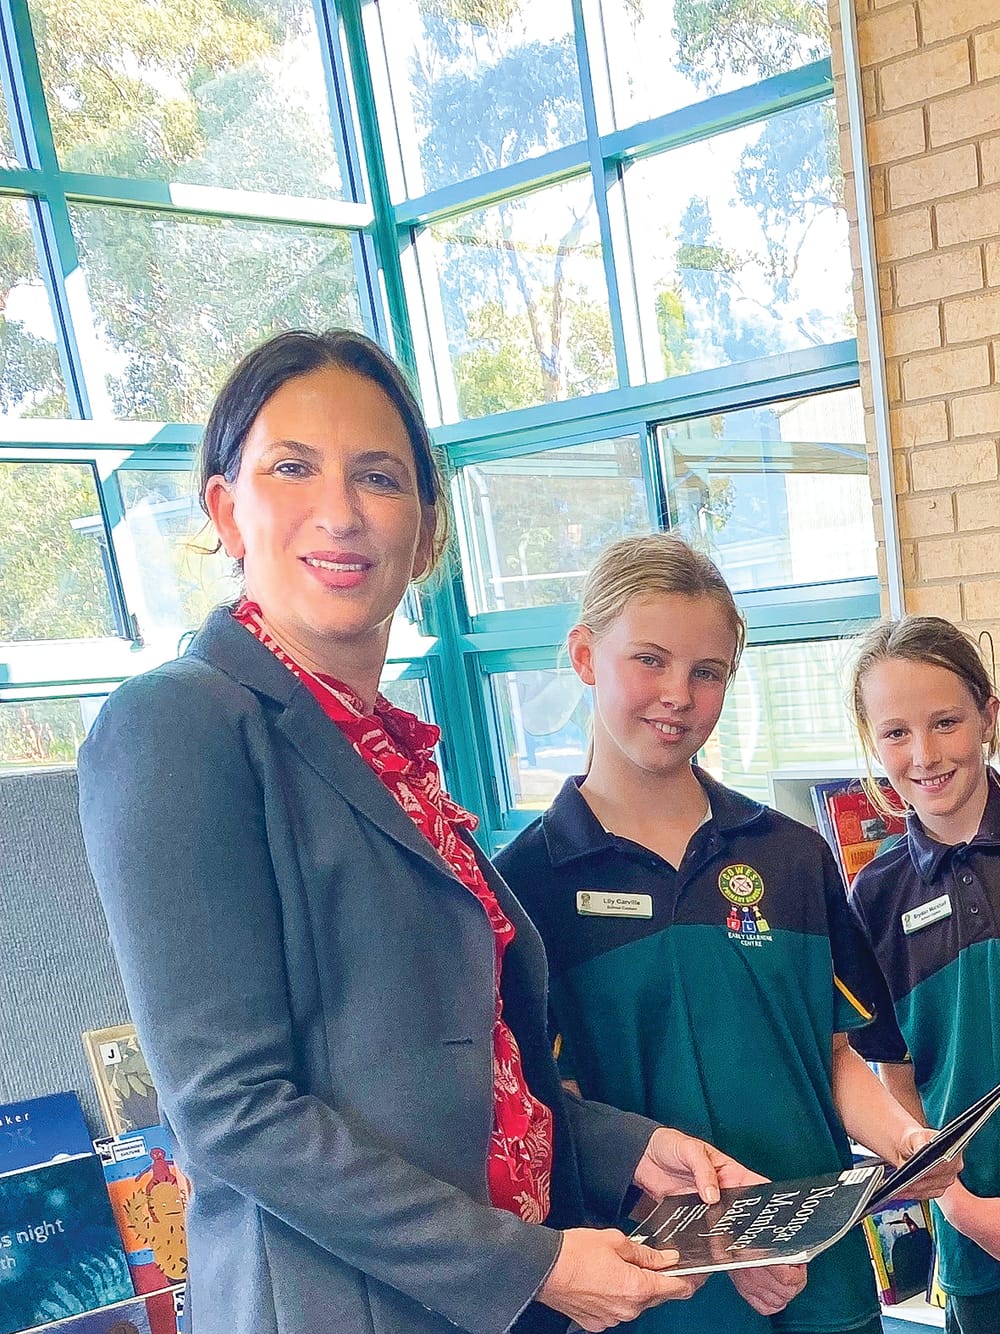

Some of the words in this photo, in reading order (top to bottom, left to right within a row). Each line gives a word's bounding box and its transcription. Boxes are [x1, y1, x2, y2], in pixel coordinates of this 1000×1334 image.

[722, 866, 758, 881] COWES
[108, 1048, 115, 1059] J
[771, 1183, 840, 1243] Noongar
[0, 1234, 13, 1249] s
[16, 1218, 65, 1244] night

What you have to do:
Make an exact copy of all entries above, dropping the images.

Response to this exercise:
Some of the words in this photo, in reading order (top to bottom, left to right within a row). Each line gives a word's bounding box and its transcription. Boxes are [x1, y1, x2, y2], in pixel coordinates of this 1000×1334 image.

[722, 866, 758, 881] COWES
[108, 1048, 115, 1059] J
[771, 1183, 840, 1243] Noongar
[0, 1234, 13, 1249] s
[16, 1218, 65, 1244] night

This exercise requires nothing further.